■ What is expected
Would you set down every entry shown below, precisely as written?

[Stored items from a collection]
·····
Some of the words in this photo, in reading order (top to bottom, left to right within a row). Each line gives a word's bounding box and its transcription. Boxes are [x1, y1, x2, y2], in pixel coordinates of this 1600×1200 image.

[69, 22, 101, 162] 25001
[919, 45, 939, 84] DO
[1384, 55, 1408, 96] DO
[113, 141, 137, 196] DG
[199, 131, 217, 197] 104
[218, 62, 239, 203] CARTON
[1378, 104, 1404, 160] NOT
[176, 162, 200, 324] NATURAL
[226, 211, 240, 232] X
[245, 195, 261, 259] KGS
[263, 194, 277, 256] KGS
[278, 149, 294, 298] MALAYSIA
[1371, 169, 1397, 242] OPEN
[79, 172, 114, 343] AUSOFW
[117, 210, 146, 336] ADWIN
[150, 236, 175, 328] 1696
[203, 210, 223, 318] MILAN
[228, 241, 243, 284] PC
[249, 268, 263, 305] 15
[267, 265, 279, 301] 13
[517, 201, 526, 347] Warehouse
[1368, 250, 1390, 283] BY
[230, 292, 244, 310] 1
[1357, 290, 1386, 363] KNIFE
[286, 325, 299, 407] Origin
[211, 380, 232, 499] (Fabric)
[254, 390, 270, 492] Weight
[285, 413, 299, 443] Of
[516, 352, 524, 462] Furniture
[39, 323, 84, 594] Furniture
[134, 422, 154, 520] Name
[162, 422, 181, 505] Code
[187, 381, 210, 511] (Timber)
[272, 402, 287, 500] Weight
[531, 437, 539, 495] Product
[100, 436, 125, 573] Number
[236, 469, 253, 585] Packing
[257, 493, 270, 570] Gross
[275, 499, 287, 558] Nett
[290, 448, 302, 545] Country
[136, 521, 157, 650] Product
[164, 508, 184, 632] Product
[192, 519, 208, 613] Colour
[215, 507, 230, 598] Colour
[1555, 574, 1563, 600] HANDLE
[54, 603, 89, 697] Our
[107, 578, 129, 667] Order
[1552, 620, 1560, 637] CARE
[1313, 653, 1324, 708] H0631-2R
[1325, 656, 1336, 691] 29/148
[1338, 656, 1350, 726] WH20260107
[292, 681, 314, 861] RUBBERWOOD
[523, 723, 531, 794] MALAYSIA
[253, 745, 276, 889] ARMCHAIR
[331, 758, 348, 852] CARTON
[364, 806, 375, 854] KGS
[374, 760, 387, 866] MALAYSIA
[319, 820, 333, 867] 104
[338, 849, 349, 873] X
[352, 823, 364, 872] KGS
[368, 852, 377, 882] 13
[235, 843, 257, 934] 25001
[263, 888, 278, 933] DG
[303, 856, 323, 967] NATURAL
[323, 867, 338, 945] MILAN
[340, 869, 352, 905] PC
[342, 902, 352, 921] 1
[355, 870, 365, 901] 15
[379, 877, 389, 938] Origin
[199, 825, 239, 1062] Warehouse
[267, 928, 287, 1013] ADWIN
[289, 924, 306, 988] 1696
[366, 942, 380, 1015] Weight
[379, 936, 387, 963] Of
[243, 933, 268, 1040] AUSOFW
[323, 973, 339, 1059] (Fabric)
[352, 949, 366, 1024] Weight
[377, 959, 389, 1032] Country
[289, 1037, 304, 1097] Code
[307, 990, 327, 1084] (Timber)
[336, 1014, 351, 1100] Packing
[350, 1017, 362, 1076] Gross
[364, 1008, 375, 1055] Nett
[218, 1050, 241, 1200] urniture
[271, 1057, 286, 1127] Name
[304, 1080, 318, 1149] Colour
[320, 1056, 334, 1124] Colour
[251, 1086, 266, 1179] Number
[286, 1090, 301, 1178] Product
·····
■ Answer to the exercise
Some of the words in this photo, in reading order (top to bottom, left to right within a row). Each line gives a word's bounding box and its transcription. Boxes are [x1, y1, x2, y2], in pixel coordinates of this 1600×1200 image.

[69, 22, 101, 162] 25001
[919, 45, 939, 84] DO
[1384, 55, 1408, 96] DO
[113, 141, 137, 196] DG
[199, 131, 217, 197] 104
[218, 62, 239, 203] CARTON
[1378, 104, 1404, 160] NOT
[176, 162, 200, 324] NATURAL
[226, 211, 240, 232] X
[245, 195, 261, 259] KGS
[263, 194, 277, 256] KGS
[278, 149, 294, 298] MALAYSIA
[1371, 169, 1397, 242] OPEN
[79, 172, 114, 343] AUSOFW
[117, 210, 146, 336] ADWIN
[150, 236, 175, 328] 1696
[203, 210, 223, 318] MILAN
[228, 241, 243, 284] PC
[249, 268, 263, 305] 15
[267, 265, 279, 301] 13
[517, 201, 526, 347] Warehouse
[1368, 250, 1390, 283] BY
[230, 292, 244, 310] 1
[1357, 290, 1386, 363] KNIFE
[286, 325, 299, 407] Origin
[211, 380, 232, 499] (Fabric)
[254, 390, 270, 492] Weight
[285, 413, 299, 443] Of
[516, 352, 524, 462] Furniture
[39, 323, 84, 594] Furniture
[134, 422, 154, 520] Name
[162, 422, 181, 505] Code
[187, 381, 210, 511] (Timber)
[272, 402, 287, 500] Weight
[531, 437, 539, 495] Product
[100, 436, 125, 573] Number
[236, 469, 253, 585] Packing
[257, 493, 270, 570] Gross
[275, 499, 287, 558] Nett
[290, 448, 302, 545] Country
[136, 521, 157, 650] Product
[164, 508, 184, 632] Product
[192, 519, 208, 613] Colour
[215, 507, 230, 598] Colour
[1555, 574, 1563, 600] HANDLE
[54, 603, 89, 697] Our
[107, 578, 129, 667] Order
[1552, 620, 1560, 637] CARE
[1313, 653, 1324, 708] H0631-2R
[1325, 656, 1336, 691] 29/148
[1338, 656, 1350, 726] WH20260107
[292, 681, 314, 861] RUBBERWOOD
[523, 723, 531, 794] MALAYSIA
[253, 745, 276, 889] ARMCHAIR
[331, 758, 348, 852] CARTON
[364, 806, 375, 854] KGS
[374, 760, 387, 866] MALAYSIA
[319, 820, 333, 867] 104
[338, 849, 349, 873] X
[352, 823, 364, 872] KGS
[368, 852, 377, 882] 13
[235, 843, 257, 934] 25001
[263, 888, 278, 933] DG
[303, 856, 323, 967] NATURAL
[323, 867, 338, 945] MILAN
[340, 869, 352, 905] PC
[342, 902, 352, 921] 1
[355, 870, 365, 901] 15
[379, 877, 389, 938] Origin
[199, 825, 239, 1062] Warehouse
[267, 928, 287, 1013] ADWIN
[289, 924, 306, 988] 1696
[366, 942, 380, 1015] Weight
[379, 936, 387, 963] Of
[243, 933, 268, 1040] AUSOFW
[323, 973, 339, 1059] (Fabric)
[352, 949, 366, 1024] Weight
[377, 959, 389, 1032] Country
[289, 1037, 304, 1097] Code
[307, 990, 327, 1084] (Timber)
[336, 1014, 351, 1100] Packing
[350, 1017, 362, 1076] Gross
[364, 1008, 375, 1055] Nett
[218, 1050, 241, 1200] urniture
[271, 1057, 286, 1127] Name
[304, 1080, 318, 1149] Colour
[320, 1056, 334, 1124] Colour
[251, 1086, 266, 1179] Number
[286, 1090, 301, 1178] Product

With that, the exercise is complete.